= About this exercise =
Leaving out the images, repeat all the lines below exactly.

--- Supplied material Enclosed Below ---

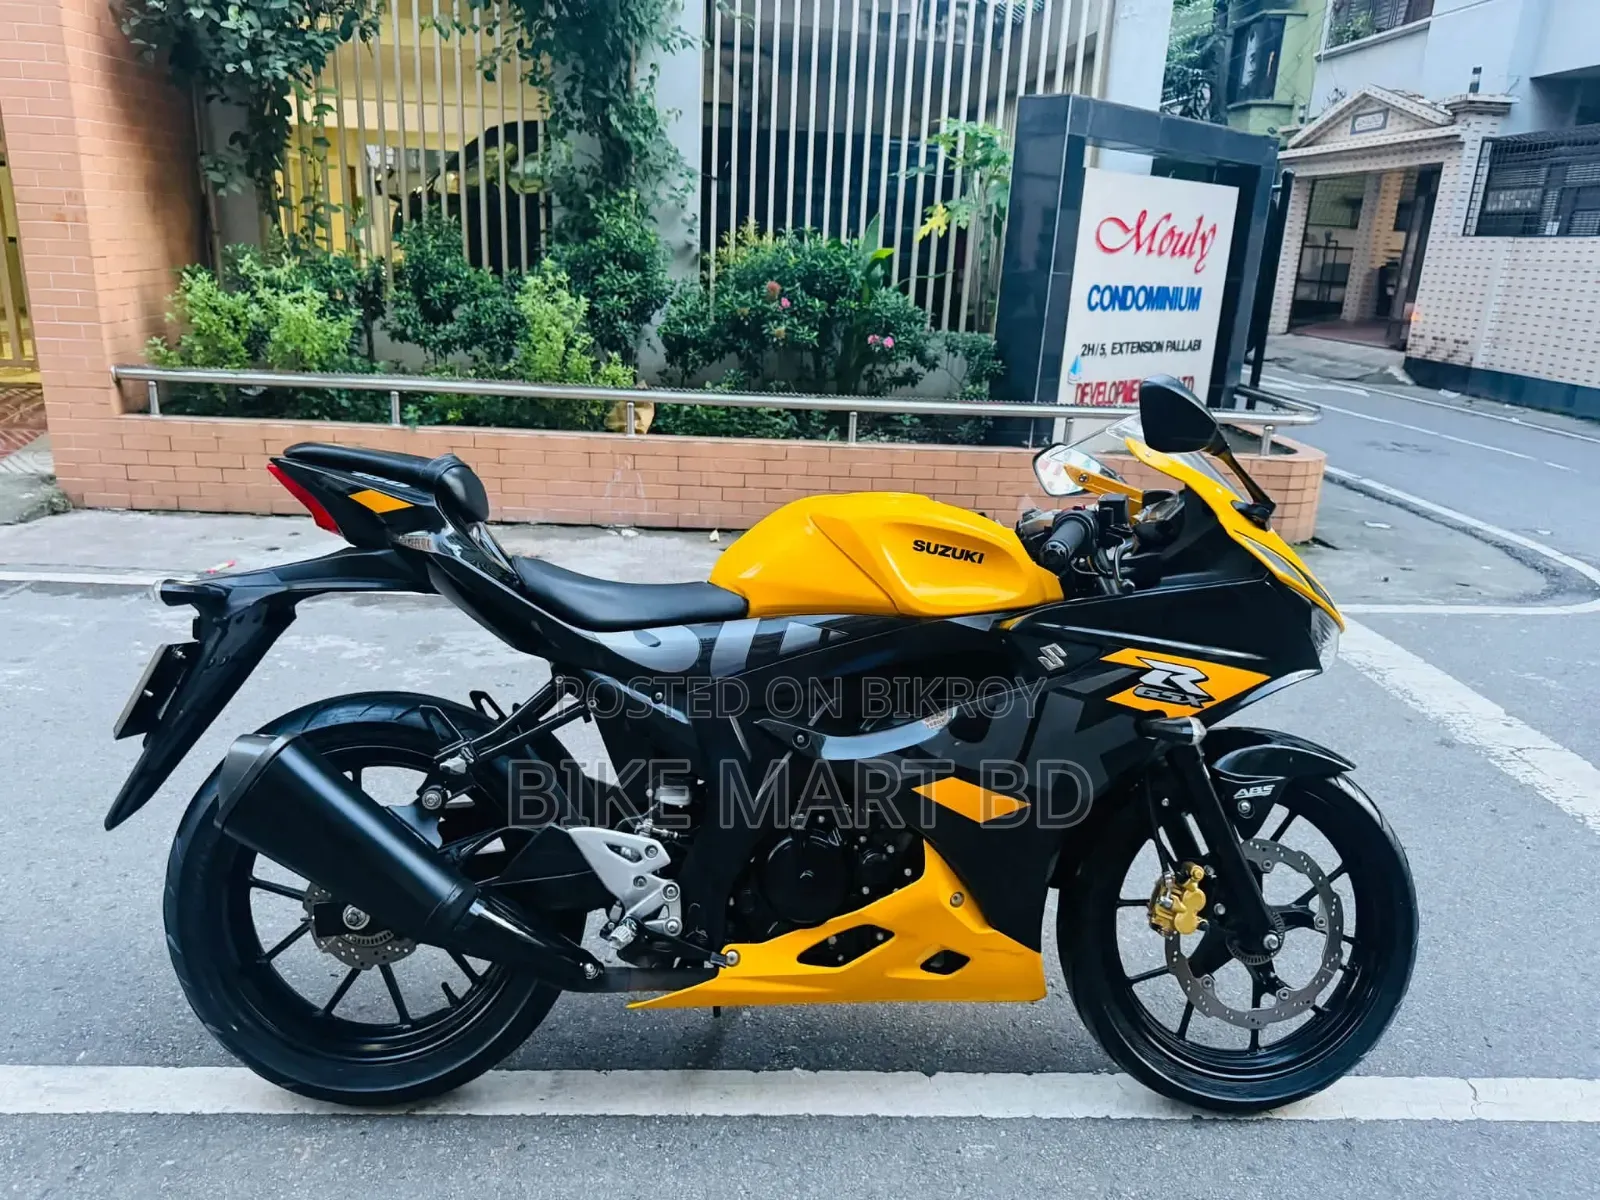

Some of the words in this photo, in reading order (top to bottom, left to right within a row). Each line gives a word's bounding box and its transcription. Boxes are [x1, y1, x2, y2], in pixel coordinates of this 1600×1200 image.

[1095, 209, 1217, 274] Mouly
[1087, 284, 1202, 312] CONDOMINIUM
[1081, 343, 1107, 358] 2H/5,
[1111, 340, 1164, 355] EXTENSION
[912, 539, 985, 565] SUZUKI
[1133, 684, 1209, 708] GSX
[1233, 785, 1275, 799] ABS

--- End of Enclosed Supplied material ---

= Your solution =
Some of the words in this photo, in reading order (top to bottom, left to right within a row). Each line gives a word's bounding box and its transcription. Boxes are [x1, y1, x2, y2], in pixel coordinates of this 1600×1200 image.

[1095, 209, 1217, 274] Mouly
[1087, 284, 1202, 312] CONDOMINIUM
[1081, 343, 1107, 358] 2H/5,
[1111, 340, 1164, 355] EXTENSION
[912, 539, 985, 565] SUZUKI
[1133, 684, 1209, 708] GSX
[1233, 785, 1275, 799] ABS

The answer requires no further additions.